(Stored data entries)
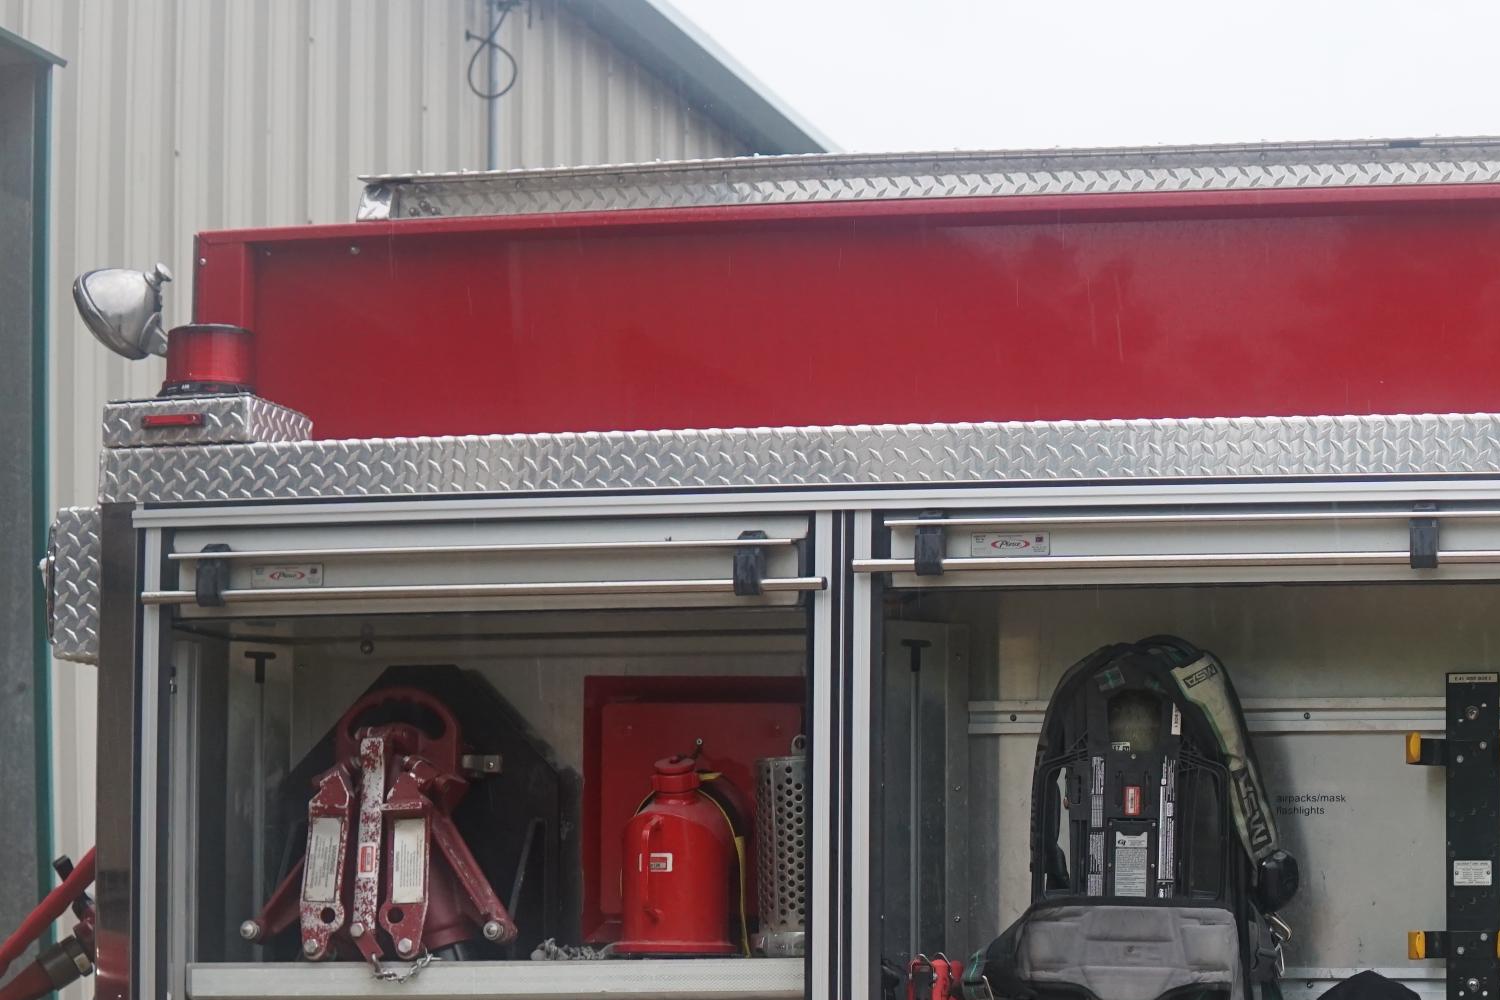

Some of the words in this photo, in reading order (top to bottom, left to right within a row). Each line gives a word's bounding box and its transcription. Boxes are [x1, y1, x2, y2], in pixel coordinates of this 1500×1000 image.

[1184, 664, 1217, 688] MSA
[1276, 793, 1346, 804] airpacks/mask
[1237, 772, 1268, 847] MSA
[1276, 806, 1325, 817] flashlights
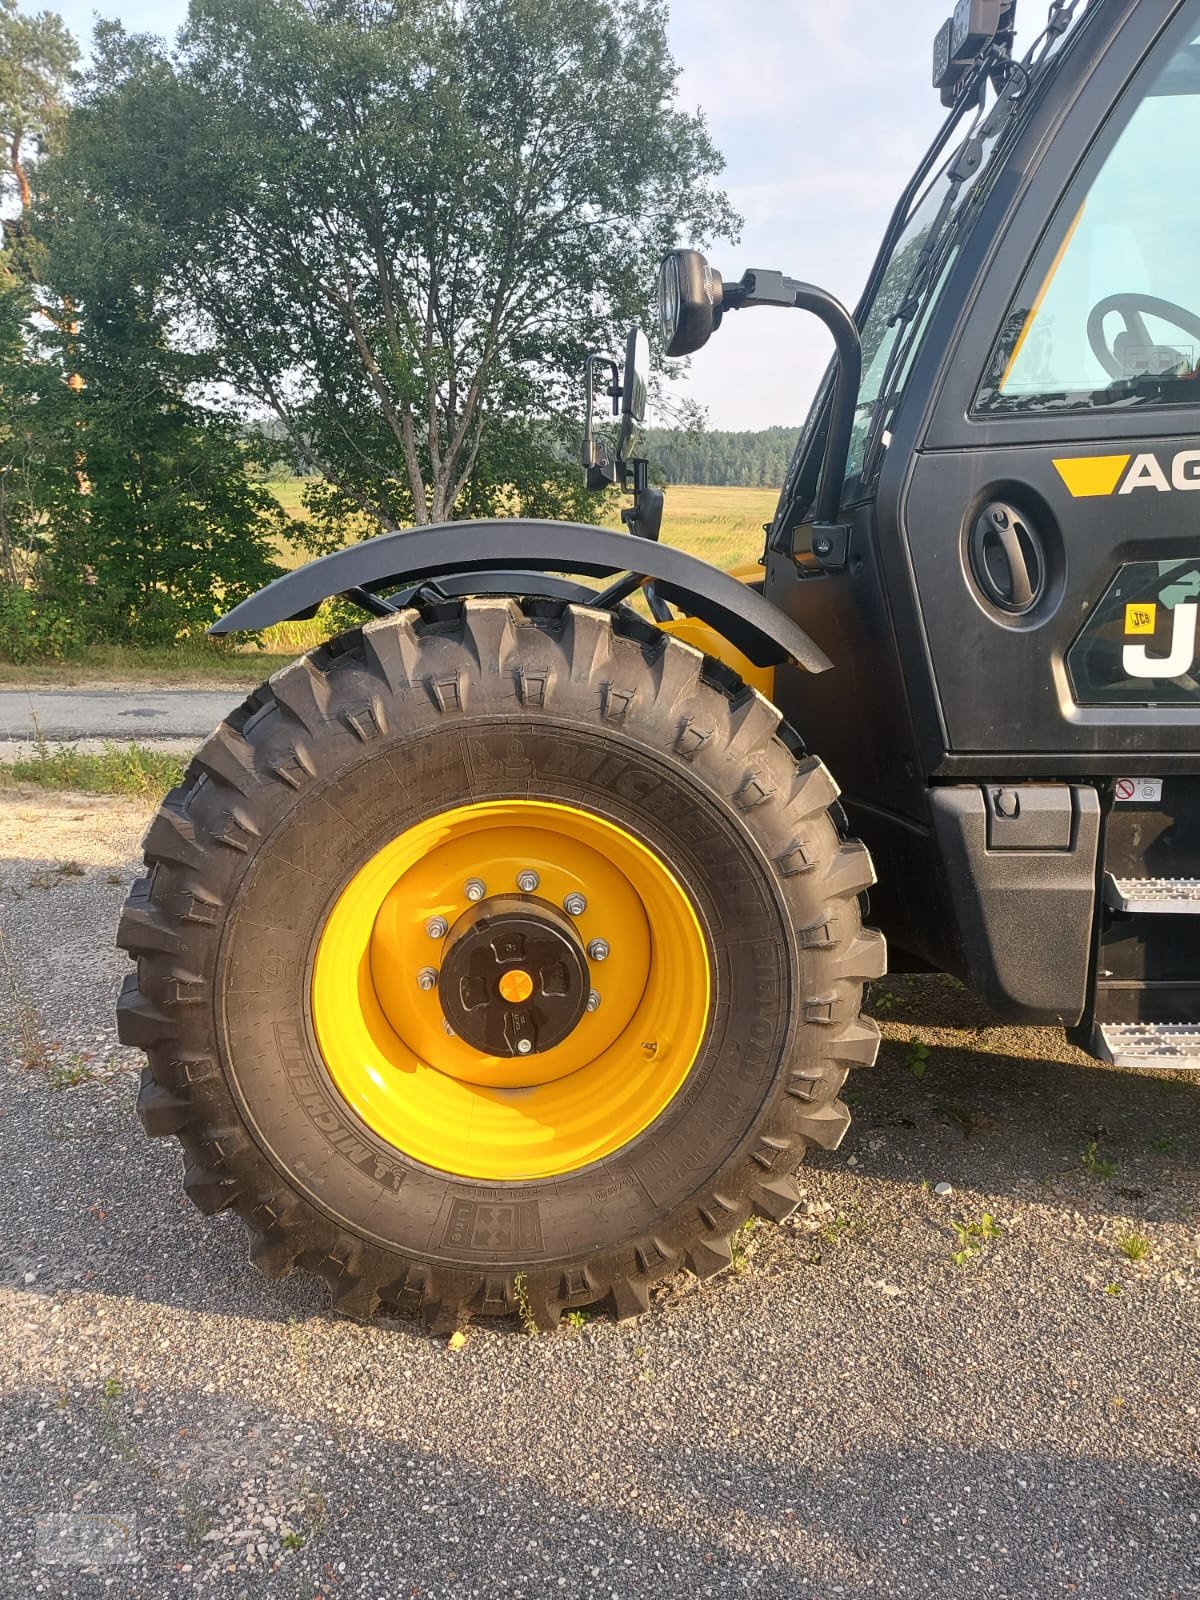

* [Problem to solve] Write out the data above exactly, minus any images.

* [Response for this exercise]
Some of the words in this photo, in reading order (top to bottom, left to right within a row). Each line gives a word's bounding box and its transcription. Boxes are [x1, y1, x2, y2], in pixel coordinates of this 1500×1000 image.

[1184, 664, 1217, 688] MSA
[1276, 793, 1346, 804] airpacks/mask
[1237, 772, 1268, 847] MSA
[1276, 806, 1325, 817] flashlights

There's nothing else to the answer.